This grand opening is reminiscent of and synonymous with the opening of the eyes of the apostle Paul himself to the truth of the gospel back in chapter 9. John Calvin, the Protestant Reformer, says that “by the word ‘heart’, Scripture sometimes means the mind, as when Moses says [in Deuteronomy chapter 29 verse 4] ‘until now the Lord has not given you a heart to understand’. So also in this verse Luke means not only that Lydia was moved by the inspiration of the Holy Spirit to embrace the gospel with a feeling of the heart, but that her mind was illuminated to understand”.[1]

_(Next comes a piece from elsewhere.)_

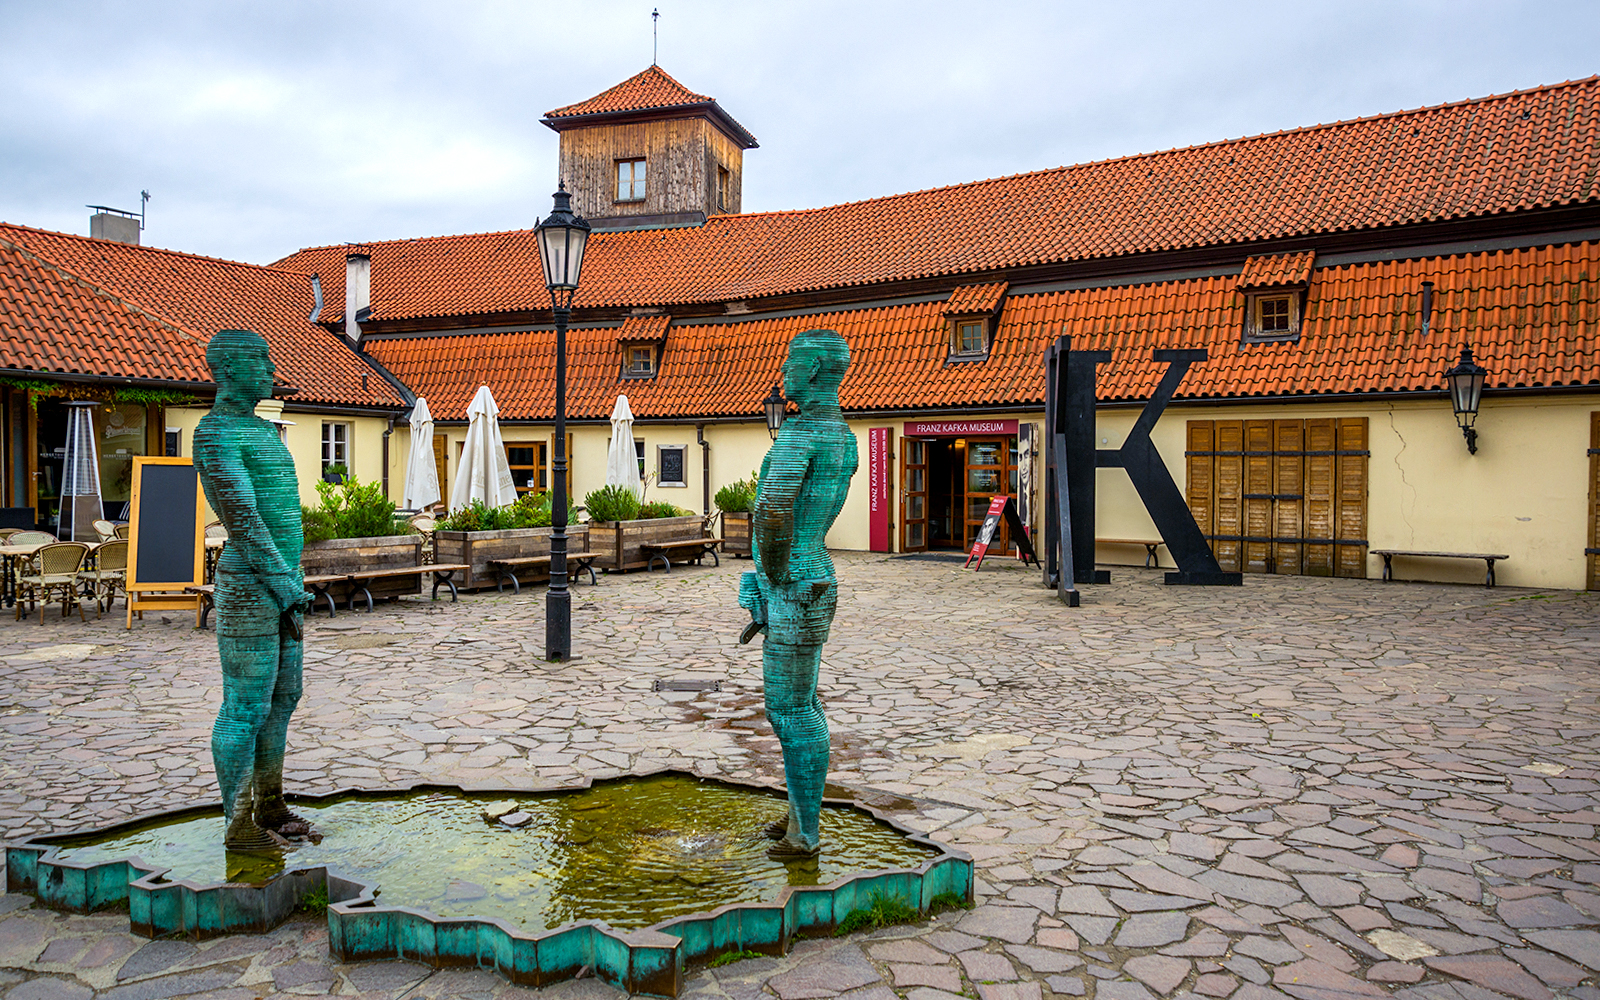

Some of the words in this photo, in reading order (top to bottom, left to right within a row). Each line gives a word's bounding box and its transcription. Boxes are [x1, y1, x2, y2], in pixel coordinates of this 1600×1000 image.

[916, 424, 941, 433] FRANZ
[942, 423, 968, 433] KAFKA
[969, 422, 1004, 432] MUSEUM

It is like the moment that took place in church a couple of weeks ago, when Claire displayed a picture on the screen of indecipherable pink shapes with a white background, but then explained that once you saw the pink as the background, you then see the white shapes clearly forming the word ‘Jesus’. It was a little light-bulb moment, a moment when the penny dropped. Once we saw the word ‘Jesus’, it was impossible for us to un-see it afterwards. This is what it is like for us when the Lord opens our eyes, our hearts and our minds to a new way of seeing, feeling and thinking – the way of the Christian gospel as set out in the Bible and lived out by our fellow believers. It is a definitive change which affects our entire lives from that point on, and from which there is no going back. This grand opening is the principal work of the Holy Spirit in our lives, whether or not we think to acknowledge it as such. Our hearts may have been already opened to this message. We may be seeking a means of obtaining or sustaining this single-minded clarity. In any event, here in church we are in the right place for our hearts and minds to be opened, re-formed and conformed to Christ. One thing is for sure: it’s not within our power to open and change our hearts, it is a work of God to do that.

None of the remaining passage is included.